Denmark Taxes "Fatty" Food

Denmark recently became the first country to tax "fatty" food. 

"In a bid to encourage healthier eating among its citizens, Denmark, a country famous for its butter and bacon, has brought in a tax on foods containing more than 2.3% saturated fat."(article)
So many ways to view this story...

Politically:  Would this work in the United States?  It is one thing to tax goods, services and processed foods.  But to tax food found in nature?  Where do you stop the taxation?  Is a hunter going to be taxed for the deer or wild boar he shoots?

Economically:  This is what the tax is really about, isn't it?  Do you really think the Danish government really cares about the health of their citizens?  Most likely this is just another way to get money from the taxpayers.

Nutritionally:  Denmark claims to have made this law in order to raise the average life expectancy of their citizens.  Danes live an average of 78.63 years (United States life expectancy is 78.37 years).
 
In the quote above it says "Denmark, a country famous for its butter and bacon".  Later in the same article it states,
"while life expectancy may be a problem, obesity among Danes is below 10%, well below the European average of 15%." (article)
The United States has an obesity rate of over 30%!  Let me make this more clear... The United States, a country which has pushed a high carbohydrate (grains, breads, cereals...), low fat (substituting vegetable oils and margerine, for butter) diet for decades, has 30% obesity.  While a country which is known for "its butter and bacon" has an obesity rate below 10%!  Pretty clear to me that saturated fat is not the cause of obesity!

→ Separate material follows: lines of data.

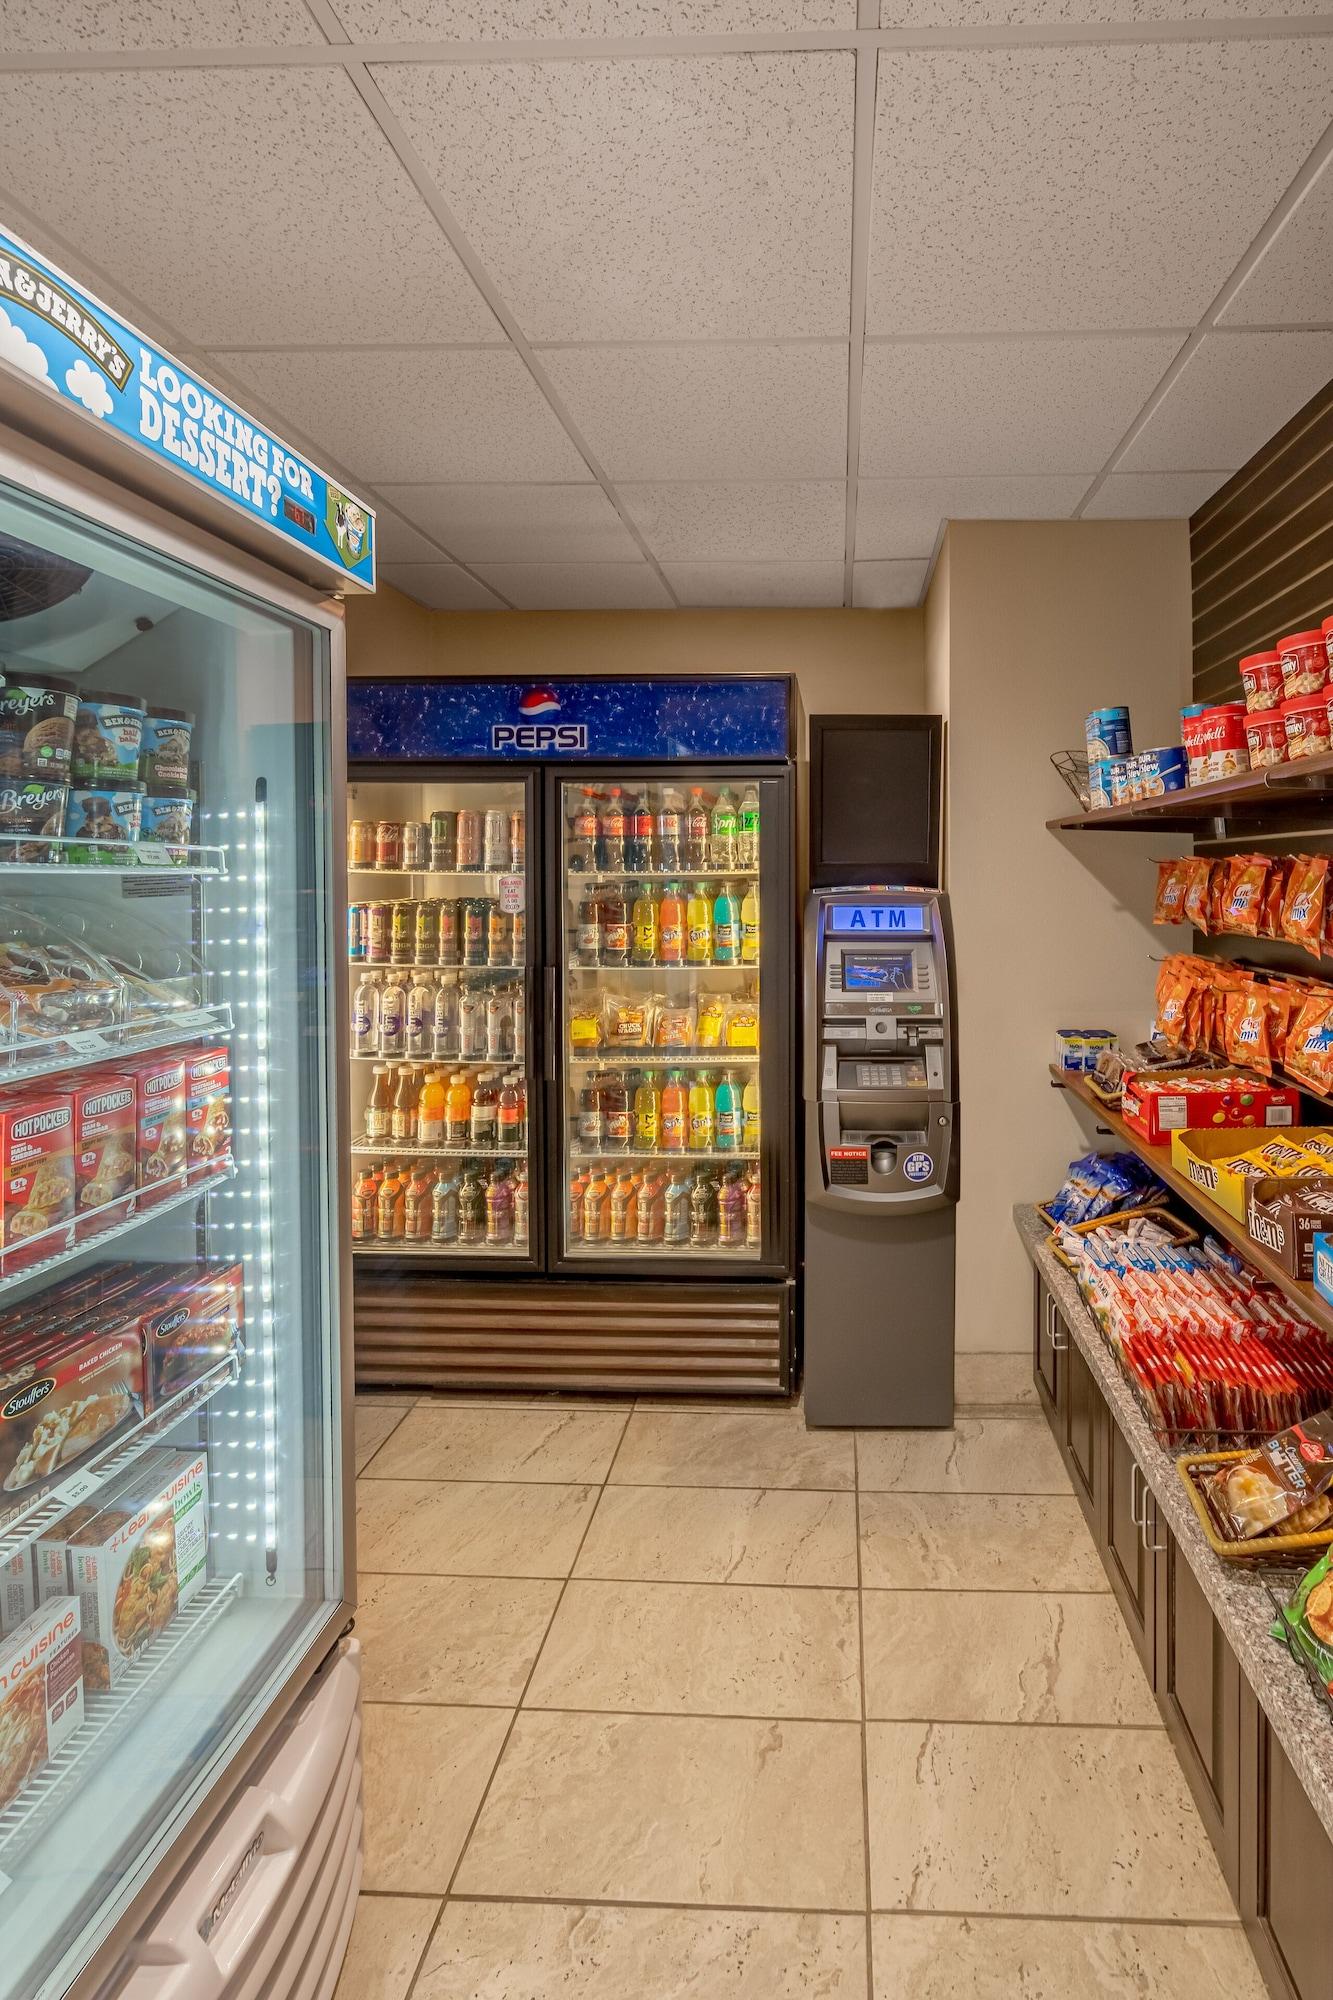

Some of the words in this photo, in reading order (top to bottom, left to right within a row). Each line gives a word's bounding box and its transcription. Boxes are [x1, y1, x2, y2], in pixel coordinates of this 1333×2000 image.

[139, 347, 269, 467] LOOKING
[272, 446, 314, 501] FOR
[139, 390, 282, 517] DESSERT?
[493, 726, 587, 749] PEPSI
[851, 910, 906, 928] ATM
[14, 1120, 34, 1138] HOT
[32, 1109, 70, 1134] POCKETS
[907, 1161, 930, 1172] GPS
[1298, 1217, 1311, 1231] 36
[99, 1341, 123, 1360] CHICKEN
[9, 1382, 51, 1416] Stouffer's
[10, 1611, 74, 1681] cuisine

So why the low life expectancy in Denmark?  We know the United State's life expectancy is low because we eat a lot of processed crap and are lazy.  Maybe Danes are skinny, but unhealthy?  Or maybe it's their health care system, which ranks 34 in the world (the US 37!).  Or their alcohol consumption which ranks 19th in the world.

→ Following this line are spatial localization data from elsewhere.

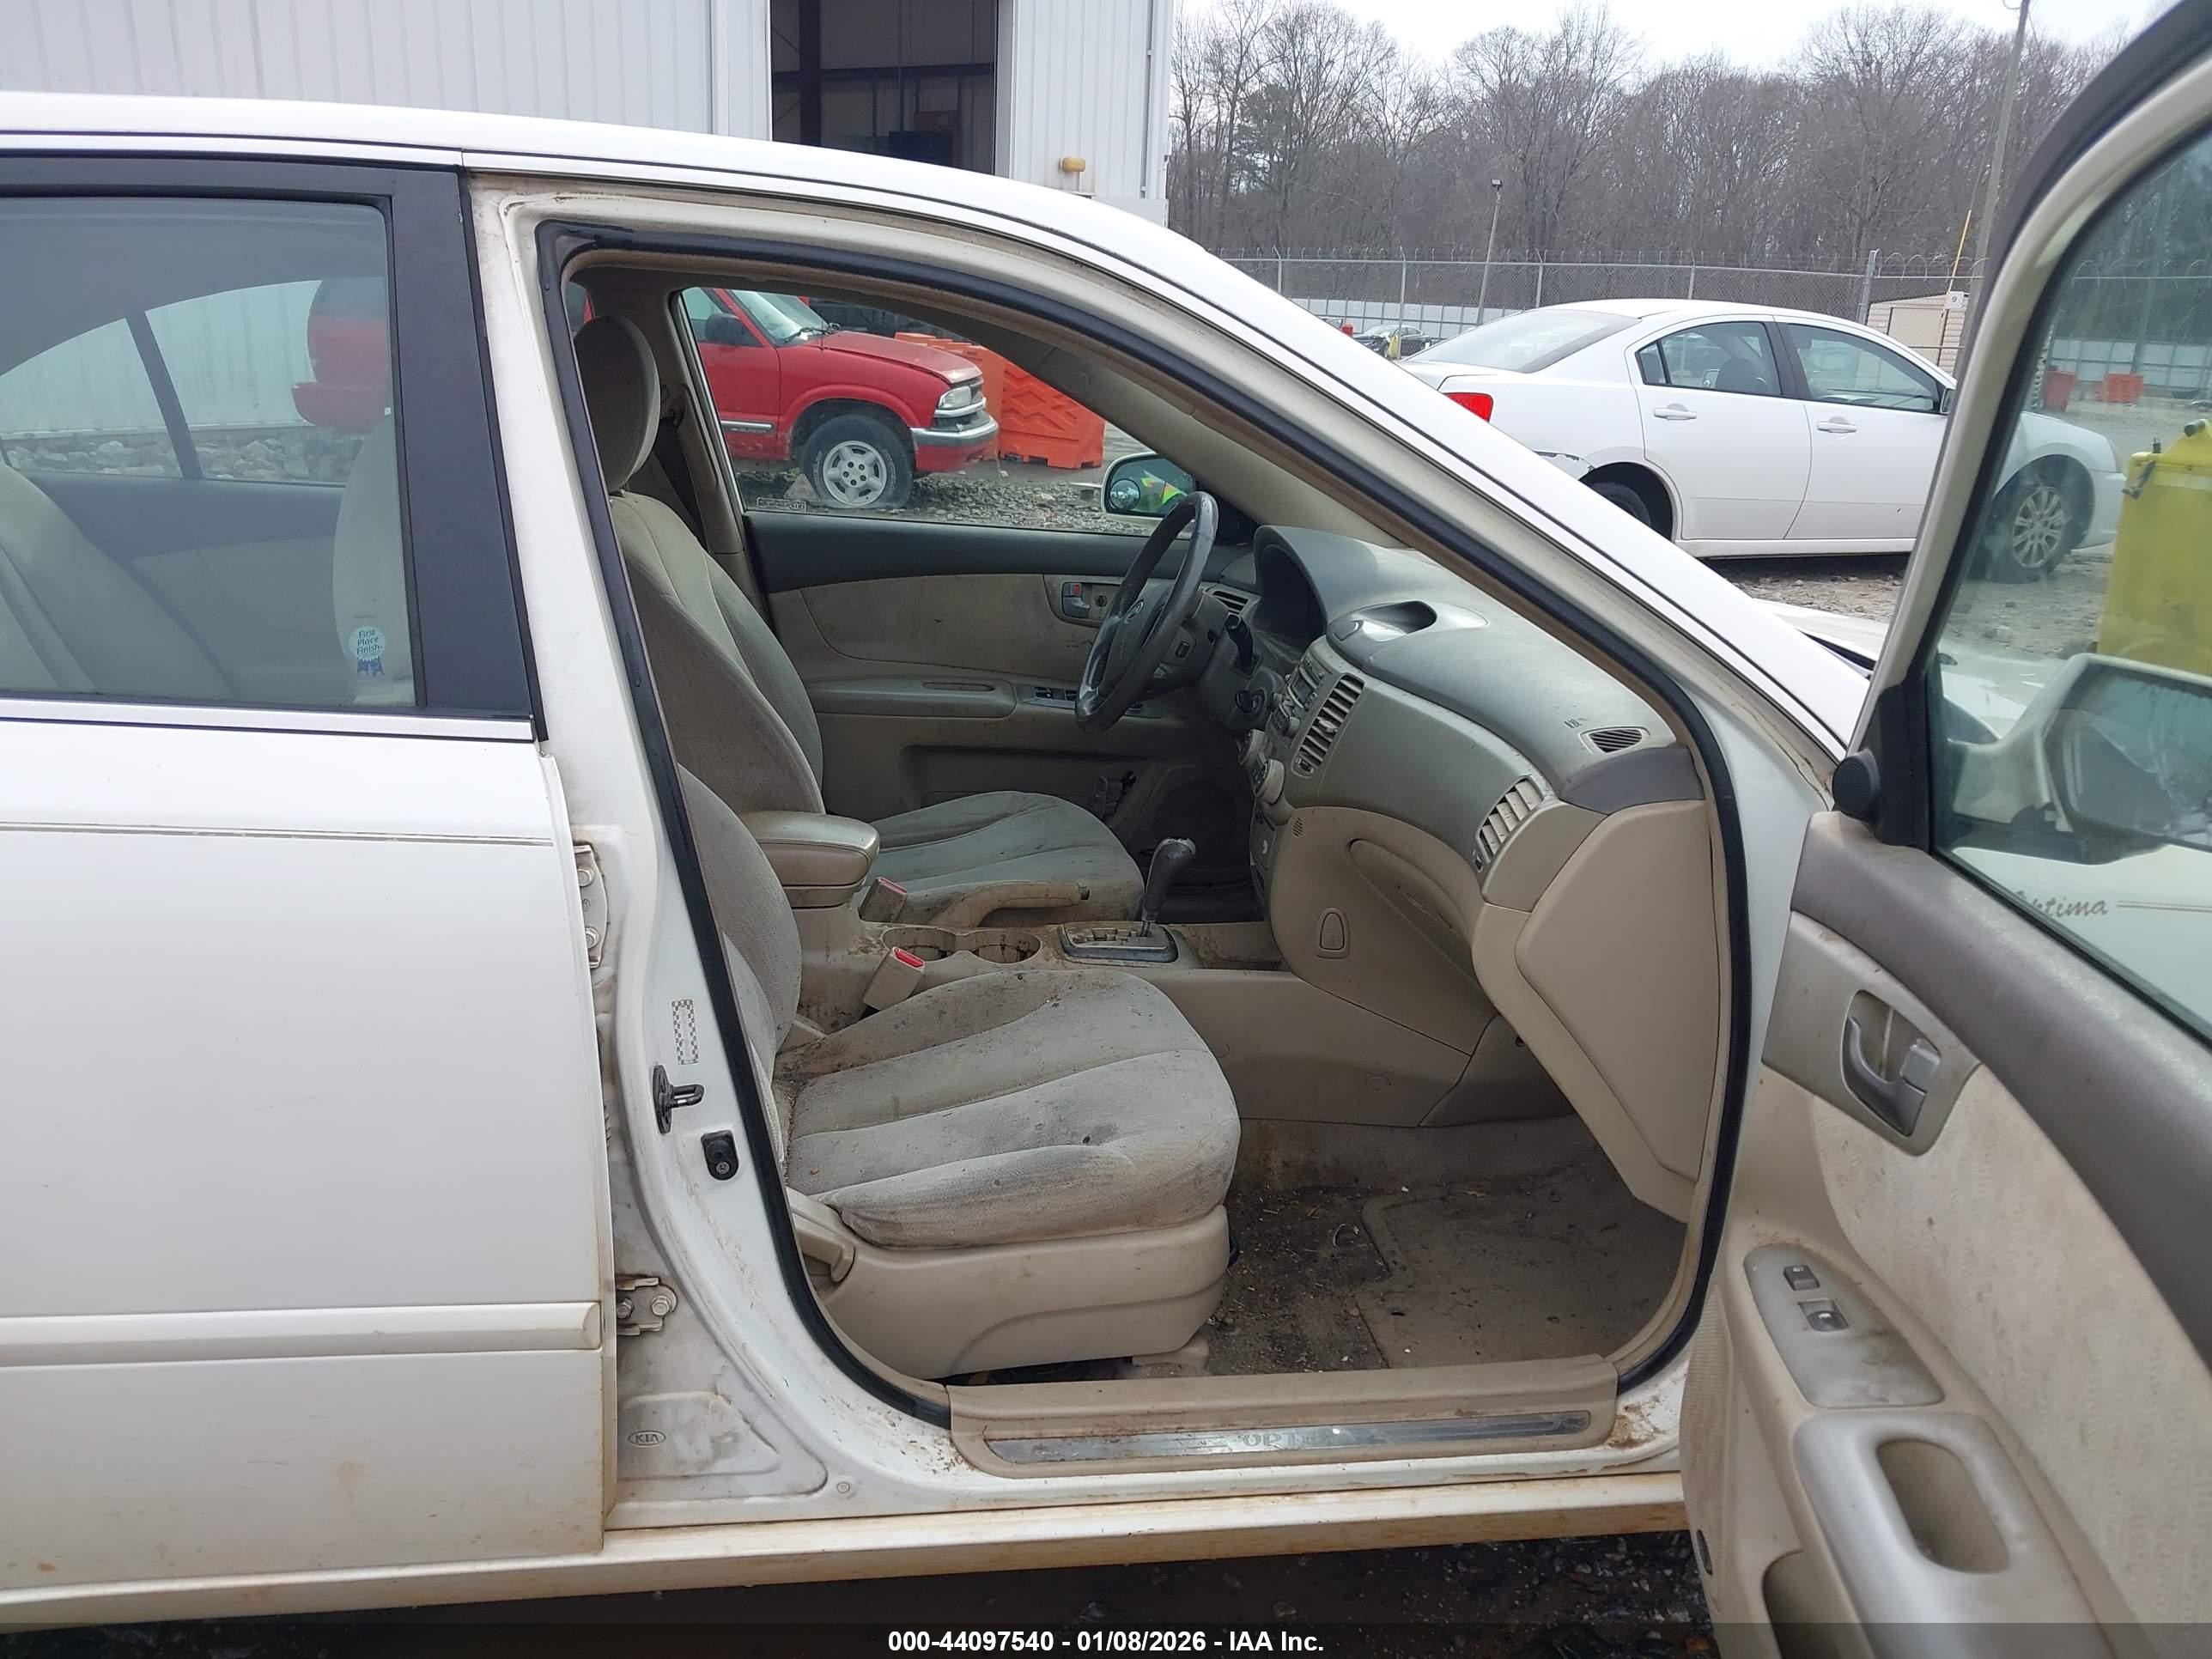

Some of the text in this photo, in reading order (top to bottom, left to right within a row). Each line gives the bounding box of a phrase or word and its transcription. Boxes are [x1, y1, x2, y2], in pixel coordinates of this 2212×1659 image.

[358, 629, 375, 638] First
[357, 636, 379, 647] Place
[356, 644, 380, 655] Finish
[2015, 890, 2109, 918] tima
[635, 1433, 659, 1443] KIA

It is short sighted to blame saturated fat as the cause of low life expectancy.  There is very little to no evidence that saturated fat consumption leads to increased risk of death.  I believe Denmark made a big mistake passing this tax law.  We can only hope our country does not follow suit.

2 comments:

I could see it being about the health of their citizens. With healthier people the economy would increase due to lower doctor payments.
I dont agree with the tax, on any type of food, but just wanted to point that out.
In the end, its up to the people to decide and I dont think taxes prevent people from buying things...look how many people still buy super expensive cigarettes.

In an economic standpoint, this does make sense. There's a strong proof that medical expenses shouldered by the government are exacerbated with cases of obesity. Levying taxes on "fatty" foods would not only yield profits for the government but would also exponentially lessen the medical expenses rooted from obesity.